At a glance
WHAT IT’S REALLY ABOUT
Practical platform techniques to cut agent costs and boost quality
- Prompt caching can dramatically reduce agent costs (≈90% discount on cached tokens), improve latency, and effectively increase rate limits when cache hit rates are high.
- Console analytics now help teams measure cache hit rate and diagnose cache breaks (often caused by small prompt changes like timestamps or reordered content).
- Context engineering keeps long-running agents effective by limiting what enters the context window via tool search, programmatic tool calling, and conversation compaction.
- Tool search reduces token bloat by deferring full tool schemas until needed, which can lower token usage and sometimes improve model performance by reducing irrelevant context.
- An advisor strategy pairs a cheaper executor model (Sonnet/Haiku) with an Opus “advisor” invoked only for hard cases, preserving quality while lowering average cost.
IDEAS WORTH REMEMBERING
5 ideasOptimize for cache hit rate before anything else.
Caching reuses previously processed input tokens, yielding major cost savings and lower latency without changing output quality; aim for ~80%+ and note top agent builders report 90%+.
Treat cache breaks as a prompt hygiene problem.
Caching requires byte-for-byte identical cached segments; common mistakes like inserting timestamps or reordering system/tool text can drop hit rate to zero, and console analytics can pinpoint why.

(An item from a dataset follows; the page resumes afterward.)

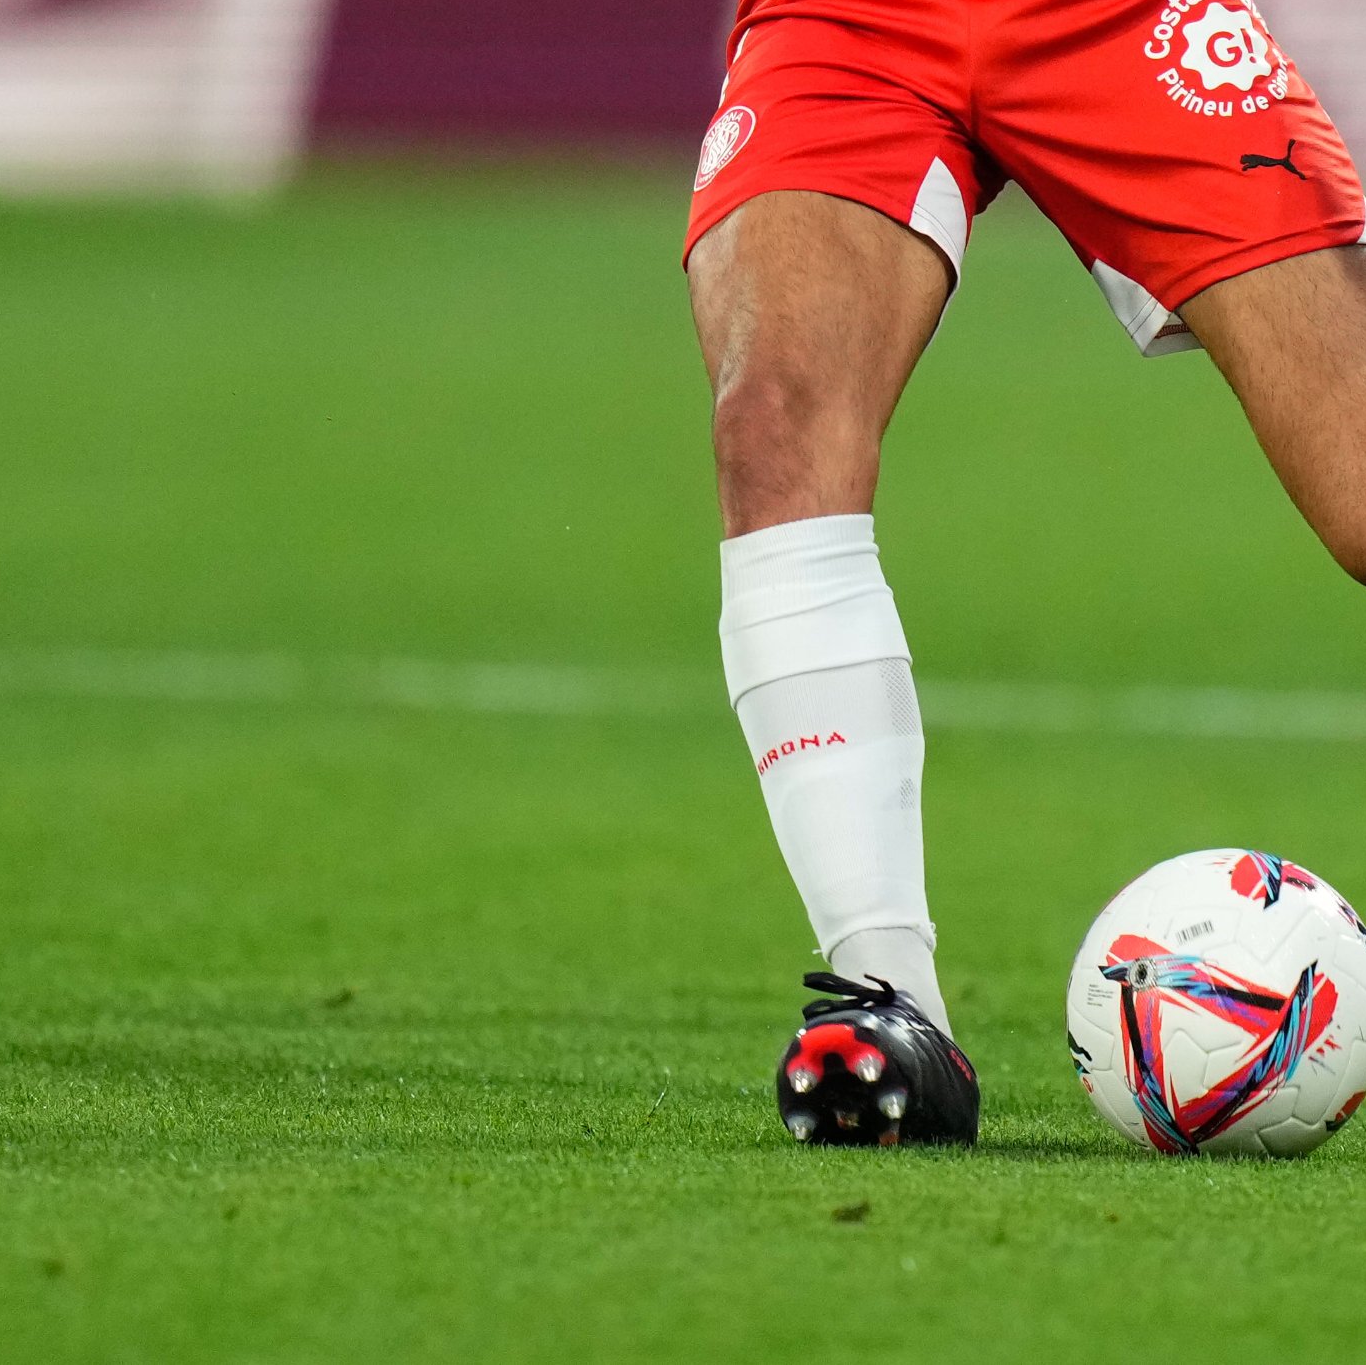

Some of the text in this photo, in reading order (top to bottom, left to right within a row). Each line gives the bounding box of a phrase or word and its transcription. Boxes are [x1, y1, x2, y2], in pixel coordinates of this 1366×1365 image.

[1206, 28, 1257, 67] G!
[1156, 47, 1289, 116] Pirineu de Giron
[757, 731, 846, 776] GIRONA

Always inspect agent transcripts to find context waste.
The talk repeatedly emphasizes reading what the model actually sees; transcripts reveal oversized tool definitions, noisy tool outputs, and conversation-history bloat that degrade performance and raise cost.
Use tool search to avoid stuffing tens of tool schemas into every turn.

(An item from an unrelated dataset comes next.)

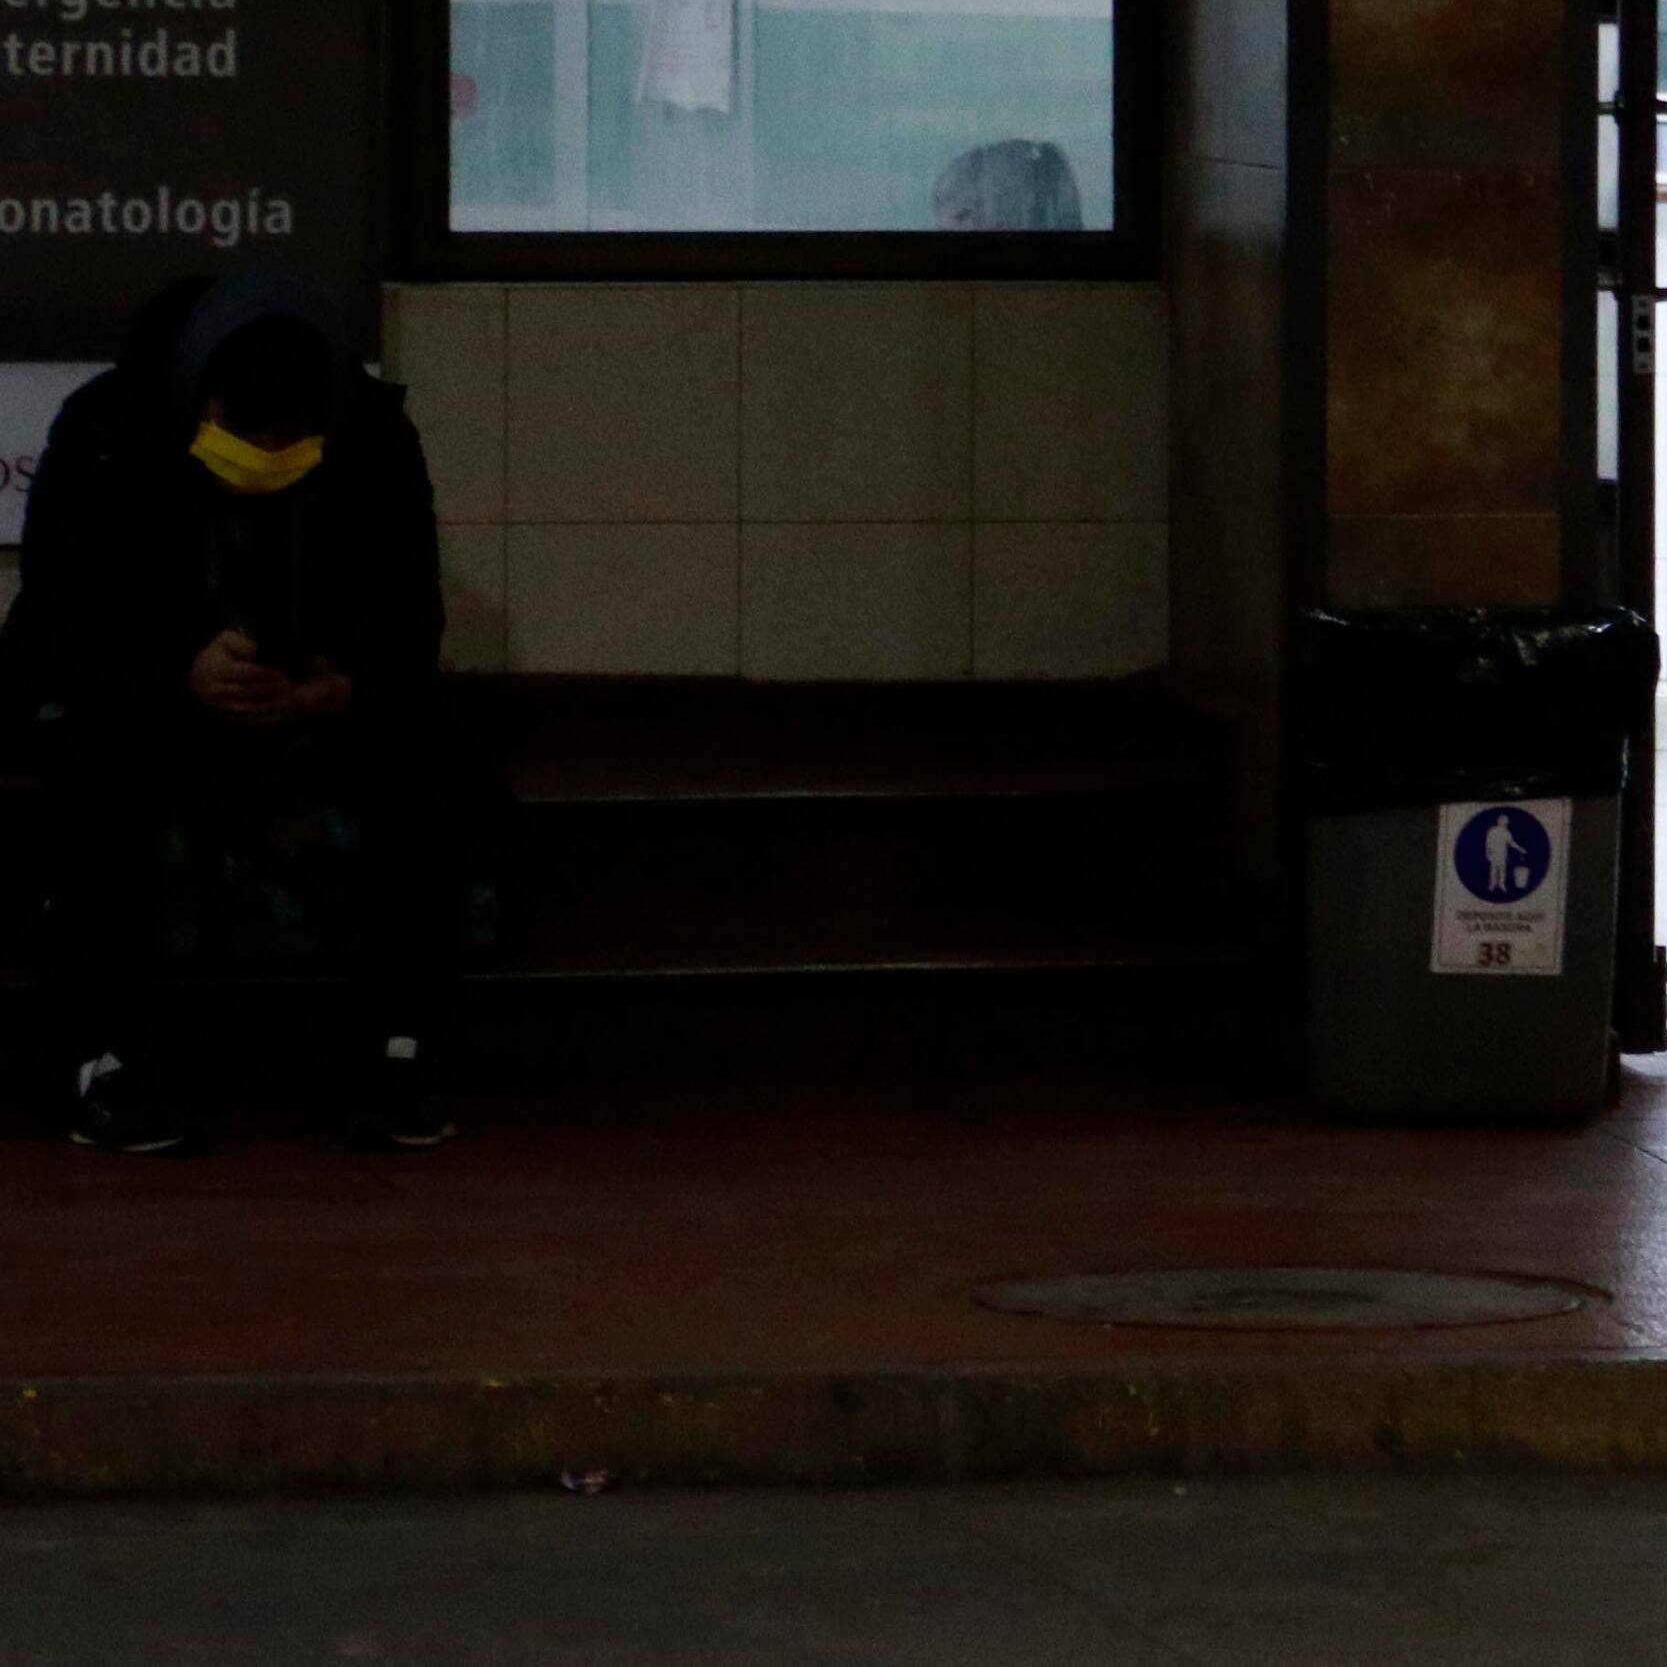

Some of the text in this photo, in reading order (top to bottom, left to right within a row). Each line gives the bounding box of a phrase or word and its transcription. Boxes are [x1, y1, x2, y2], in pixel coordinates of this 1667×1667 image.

[2, 28, 238, 77] ternidad
[0, 185, 293, 247] onatología
[1480, 942, 1511, 966] 38

Instead of passing all tools upfront, pass a “tool search” tool and inject only the required tool definition when needed, freeing context for real work; Lovable reported ~10% token reduction plus better performance.
Programmatically curate tool outputs before sending them back to the model.
Have Claude write lightweight scripts (e.g., Python) that call tools, strip irrelevant content (like long call transcripts), and return only the needed summaries/fields—Quora used this to clean HTML and improve quality.
WORDS WORTH SAVING
5 quotesIf you remember nothing else from this session, think about prompt caching.
— Puneet Shah
You get a ninety percent discount, so a huge cost savings to actually build your p- uh, your agent.
— Puneet Shah
You should always look at the transcript of your agents to really understand what's going on.
— Puneet Shah
Context engineering is the art and science of figuring out what context you expose to Claude to give your agent the best performance.
— Puneet Shah
It's, uh, green on the outside, but deep, deep red on the inside.
— Puneet Shah
High quality AI-generated summary created from speaker-labeled transcript.